_WHAT YOU WILL DO_
An exact transcription of every entry is required. Images are not part of it.

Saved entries
------
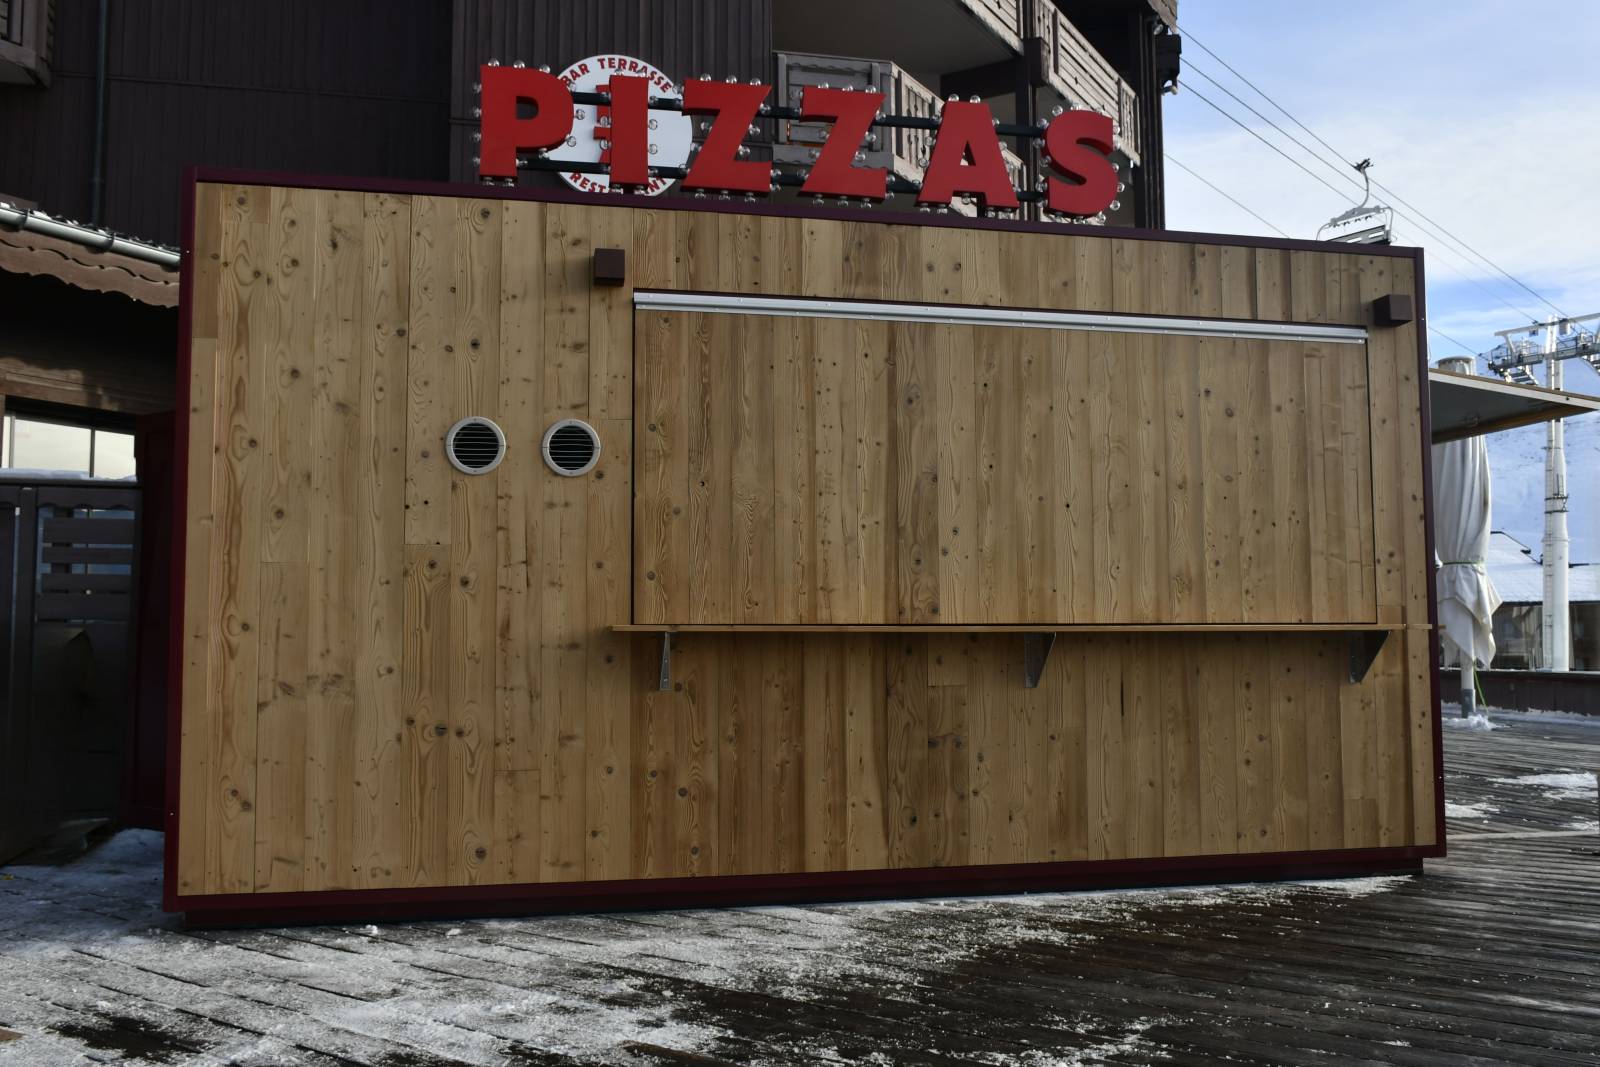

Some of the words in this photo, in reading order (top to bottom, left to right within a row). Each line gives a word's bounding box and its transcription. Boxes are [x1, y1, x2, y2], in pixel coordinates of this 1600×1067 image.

[561, 63, 590, 88] BAR
[597, 57, 673, 93] TERRASSE
[479, 64, 1119, 218] PIZZAS
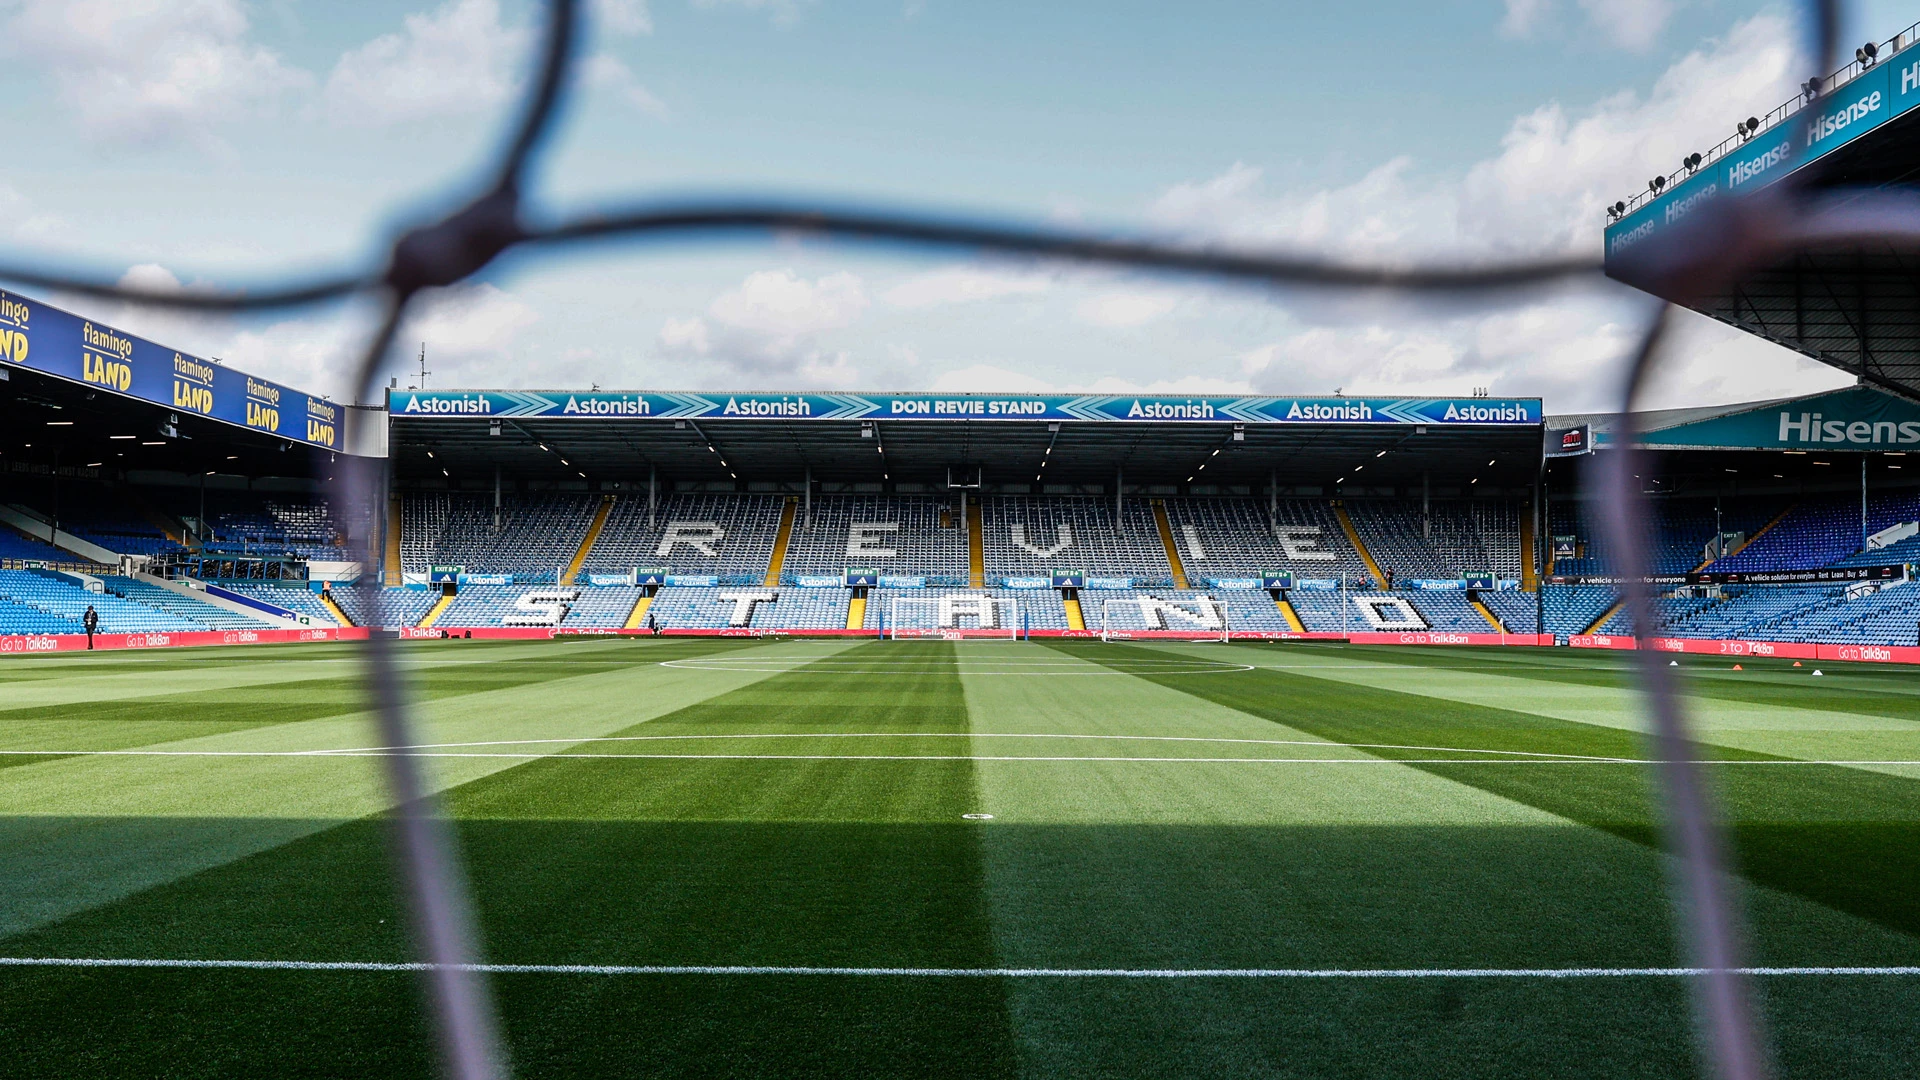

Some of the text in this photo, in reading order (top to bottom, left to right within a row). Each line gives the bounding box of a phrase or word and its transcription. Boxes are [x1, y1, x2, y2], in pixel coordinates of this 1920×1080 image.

[1807, 90, 1880, 146] Hisense
[1729, 141, 1790, 188] Hisense
[1665, 184, 1716, 225] Hisense
[1611, 219, 1654, 256] Hisense
[83, 321, 132, 360] flamingo
[83, 353, 132, 391] LAND
[174, 353, 213, 387] flamingo
[173, 380, 213, 413] LAND
[247, 377, 279, 407] flamingo
[307, 397, 335, 424] flamingo
[405, 394, 490, 414] Astonish
[563, 395, 650, 415] Astonish
[723, 397, 810, 416] Astonish
[891, 400, 1046, 415] DON REVIE STAND
[1128, 399, 1214, 418] Astonish
[1287, 400, 1372, 420] Astonish
[1443, 402, 1528, 421] Astonish
[247, 403, 279, 432] LAND
[307, 419, 335, 446] LAND
[466, 575, 505, 584] Astonish
[591, 576, 627, 584] Astonish
[799, 576, 838, 586] Astonish
[1008, 578, 1047, 587] Astonish
[1218, 579, 1256, 588] Astonish
[1797, 572, 1816, 580] everyone
[1847, 570, 1856, 578] Buy
[1422, 581, 1459, 590] Astonish
[127, 634, 170, 647] Go to TalkBan
[224, 632, 231, 642] Go
[232, 633, 238, 642] to
[300, 630, 306, 640] Go
[306, 632, 311, 640] to
[408, 628, 442, 637] TalkBa
[1400, 634, 1468, 643] Go to TalkBan
[1569, 636, 1580, 646] Go
[1582, 637, 1591, 645] to
[1, 637, 57, 650] Go to TalkBan
[1730, 642, 1742, 652] to
[1838, 646, 1890, 660] Go to TalkBan
------
_ANSWER TO THIS TASK_
Some of the words in this photo, in reading order (top to bottom, left to right within a row). Each line gives a word's bounding box and its transcription. Boxes are [x1, y1, x2, y2], in pixel coordinates of this 1600×1067 image.

[561, 63, 590, 88] BAR
[597, 57, 673, 93] TERRASSE
[479, 64, 1119, 218] PIZZAS

Some of the text in this photo, in reading order (top to bottom, left to right within a row). Each line gives the bounding box of a phrase or word and its transcription. Boxes are [x1, y1, x2, y2], in pixel coordinates of this 1920×1080 image.

[1807, 90, 1880, 146] Hisense
[1729, 141, 1790, 188] Hisense
[1665, 184, 1716, 225] Hisense
[1611, 219, 1654, 256] Hisense
[83, 321, 132, 360] flamingo
[83, 353, 132, 391] LAND
[174, 353, 213, 387] flamingo
[173, 380, 213, 413] LAND
[247, 377, 279, 407] flamingo
[307, 397, 335, 424] flamingo
[405, 394, 490, 414] Astonish
[563, 395, 650, 415] Astonish
[723, 397, 810, 416] Astonish
[891, 400, 1046, 415] DON REVIE STAND
[1128, 399, 1214, 418] Astonish
[1287, 400, 1372, 420] Astonish
[1443, 402, 1528, 421] Astonish
[247, 403, 279, 432] LAND
[307, 419, 335, 446] LAND
[466, 575, 505, 584] Astonish
[591, 576, 627, 584] Astonish
[799, 576, 838, 586] Astonish
[1008, 578, 1047, 587] Astonish
[1218, 579, 1256, 588] Astonish
[1797, 572, 1816, 580] everyone
[1847, 570, 1856, 578] Buy
[1422, 581, 1459, 590] Astonish
[127, 634, 170, 647] Go to TalkBan
[224, 632, 231, 642] Go
[232, 633, 238, 642] to
[300, 630, 306, 640] Go
[306, 632, 311, 640] to
[408, 628, 442, 637] TalkBa
[1400, 634, 1468, 643] Go to TalkBan
[1569, 636, 1580, 646] Go
[1582, 637, 1591, 645] to
[1, 637, 57, 650] Go to TalkBan
[1730, 642, 1742, 652] to
[1838, 646, 1890, 660] Go to TalkBan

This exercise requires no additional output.